**Try it**
Reproduce the entries. Each one must match the original exactly.

--------

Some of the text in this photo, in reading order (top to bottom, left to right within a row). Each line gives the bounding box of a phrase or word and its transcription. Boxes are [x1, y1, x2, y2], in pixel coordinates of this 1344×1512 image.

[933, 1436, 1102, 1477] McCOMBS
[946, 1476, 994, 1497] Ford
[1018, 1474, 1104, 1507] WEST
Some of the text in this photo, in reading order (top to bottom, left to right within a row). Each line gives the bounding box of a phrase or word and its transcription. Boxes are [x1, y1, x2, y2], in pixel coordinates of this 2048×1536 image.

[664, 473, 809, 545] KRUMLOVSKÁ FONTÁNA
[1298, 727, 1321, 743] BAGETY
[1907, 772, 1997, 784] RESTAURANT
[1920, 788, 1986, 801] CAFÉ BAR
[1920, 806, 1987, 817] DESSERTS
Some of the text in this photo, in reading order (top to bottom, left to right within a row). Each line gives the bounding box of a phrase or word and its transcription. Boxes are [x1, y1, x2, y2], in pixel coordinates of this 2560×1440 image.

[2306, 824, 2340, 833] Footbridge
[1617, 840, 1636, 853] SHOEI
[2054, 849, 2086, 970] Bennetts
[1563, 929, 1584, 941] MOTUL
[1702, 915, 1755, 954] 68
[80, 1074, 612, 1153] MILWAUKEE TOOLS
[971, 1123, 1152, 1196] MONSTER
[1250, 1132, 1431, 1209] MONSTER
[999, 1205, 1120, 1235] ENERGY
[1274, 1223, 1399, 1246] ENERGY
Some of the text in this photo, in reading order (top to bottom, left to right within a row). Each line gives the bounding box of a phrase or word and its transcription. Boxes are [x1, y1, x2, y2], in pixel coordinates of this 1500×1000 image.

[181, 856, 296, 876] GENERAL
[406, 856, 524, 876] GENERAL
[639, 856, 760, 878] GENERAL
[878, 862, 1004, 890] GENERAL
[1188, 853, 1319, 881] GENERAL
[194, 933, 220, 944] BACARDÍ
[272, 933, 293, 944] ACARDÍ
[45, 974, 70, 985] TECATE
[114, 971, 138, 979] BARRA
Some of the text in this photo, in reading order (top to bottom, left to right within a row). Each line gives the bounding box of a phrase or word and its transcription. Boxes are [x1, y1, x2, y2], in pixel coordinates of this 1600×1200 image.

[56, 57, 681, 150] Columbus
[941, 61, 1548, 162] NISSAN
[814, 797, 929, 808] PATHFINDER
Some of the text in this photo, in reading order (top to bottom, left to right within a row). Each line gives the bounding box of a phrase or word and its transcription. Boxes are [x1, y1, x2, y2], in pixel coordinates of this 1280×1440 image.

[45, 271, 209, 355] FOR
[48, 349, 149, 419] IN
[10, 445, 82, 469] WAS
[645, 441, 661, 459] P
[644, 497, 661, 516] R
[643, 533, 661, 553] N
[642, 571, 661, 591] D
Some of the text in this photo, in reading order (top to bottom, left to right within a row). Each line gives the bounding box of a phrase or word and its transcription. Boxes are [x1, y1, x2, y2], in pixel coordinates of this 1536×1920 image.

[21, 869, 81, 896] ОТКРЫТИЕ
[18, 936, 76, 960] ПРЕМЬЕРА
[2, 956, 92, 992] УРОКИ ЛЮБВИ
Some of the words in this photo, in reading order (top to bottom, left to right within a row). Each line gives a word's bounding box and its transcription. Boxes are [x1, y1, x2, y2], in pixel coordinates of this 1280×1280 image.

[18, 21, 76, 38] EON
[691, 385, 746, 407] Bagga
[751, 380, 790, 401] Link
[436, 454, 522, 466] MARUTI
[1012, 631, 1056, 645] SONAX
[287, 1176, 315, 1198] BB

--------

**Solution for this exercise**
Some of the text in this photo, in reading order (top to bottom, left to right within a row). Each line gives the bounding box of a phrase or word and its transcription. Boxes are [x1, y1, x2, y2], in pixel coordinates of this 1344×1512 image.

[933, 1436, 1102, 1477] McCOMBS
[946, 1476, 994, 1497] Ford
[1018, 1474, 1104, 1507] WEST
Some of the text in this photo, in reading order (top to bottom, left to right within a row). Each line gives the bounding box of a phrase or word and its transcription. Boxes are [x1, y1, x2, y2], in pixel coordinates of this 2048×1536 image.

[664, 473, 809, 545] KRUMLOVSKÁ FONTÁNA
[1298, 727, 1321, 743] BAGETY
[1907, 772, 1997, 784] RESTAURANT
[1920, 788, 1986, 801] CAFÉ BAR
[1920, 806, 1987, 817] DESSERTS
Some of the text in this photo, in reading order (top to bottom, left to right within a row). Each line gives the bounding box of a phrase or word and its transcription. Boxes are [x1, y1, x2, y2], in pixel coordinates of this 2560×1440 image.

[2306, 824, 2340, 833] Footbridge
[1617, 840, 1636, 853] SHOEI
[2054, 849, 2086, 970] Bennetts
[1563, 929, 1584, 941] MOTUL
[1702, 915, 1755, 954] 68
[80, 1074, 612, 1153] MILWAUKEE TOOLS
[971, 1123, 1152, 1196] MONSTER
[1250, 1132, 1431, 1209] MONSTER
[999, 1205, 1120, 1235] ENERGY
[1274, 1223, 1399, 1246] ENERGY
Some of the text in this photo, in reading order (top to bottom, left to right within a row). Each line gives the bounding box of a phrase or word and its transcription. Boxes are [x1, y1, x2, y2], in pixel coordinates of this 1500×1000 image.

[181, 856, 296, 876] GENERAL
[406, 856, 524, 876] GENERAL
[639, 856, 760, 878] GENERAL
[878, 862, 1004, 890] GENERAL
[1188, 853, 1319, 881] GENERAL
[194, 933, 220, 944] BACARDÍ
[272, 933, 293, 944] ACARDÍ
[45, 974, 70, 985] TECATE
[114, 971, 138, 979] BARRA
Some of the text in this photo, in reading order (top to bottom, left to right within a row). Each line gives the bounding box of a phrase or word and its transcription. Boxes are [x1, y1, x2, y2], in pixel coordinates of this 1600×1200 image.

[56, 57, 681, 150] Columbus
[941, 61, 1548, 162] NISSAN
[814, 797, 929, 808] PATHFINDER
Some of the text in this photo, in reading order (top to bottom, left to right within a row). Each line gives the bounding box of a phrase or word and its transcription. Boxes are [x1, y1, x2, y2], in pixel coordinates of this 1280×1440 image.

[45, 271, 209, 355] FOR
[48, 349, 149, 419] IN
[10, 445, 82, 469] WAS
[645, 441, 661, 459] P
[644, 497, 661, 516] R
[643, 533, 661, 553] N
[642, 571, 661, 591] D
Some of the text in this photo, in reading order (top to bottom, left to right within a row). Each line gives the bounding box of a phrase or word and its transcription. Boxes are [x1, y1, x2, y2], in pixel coordinates of this 1536×1920 image.

[21, 869, 81, 896] ОТКРЫТИЕ
[18, 936, 76, 960] ПРЕМЬЕРА
[2, 956, 92, 992] УРОКИ ЛЮБВИ
Some of the words in this photo, in reading order (top to bottom, left to right within a row). Each line gives a word's bounding box and its transcription. Boxes are [x1, y1, x2, y2], in pixel coordinates of this 1280×1280 image.

[18, 21, 76, 38] EON
[691, 385, 746, 407] Bagga
[751, 380, 790, 401] Link
[436, 454, 522, 466] MARUTI
[1012, 631, 1056, 645] SONAX
[287, 1176, 315, 1198] BB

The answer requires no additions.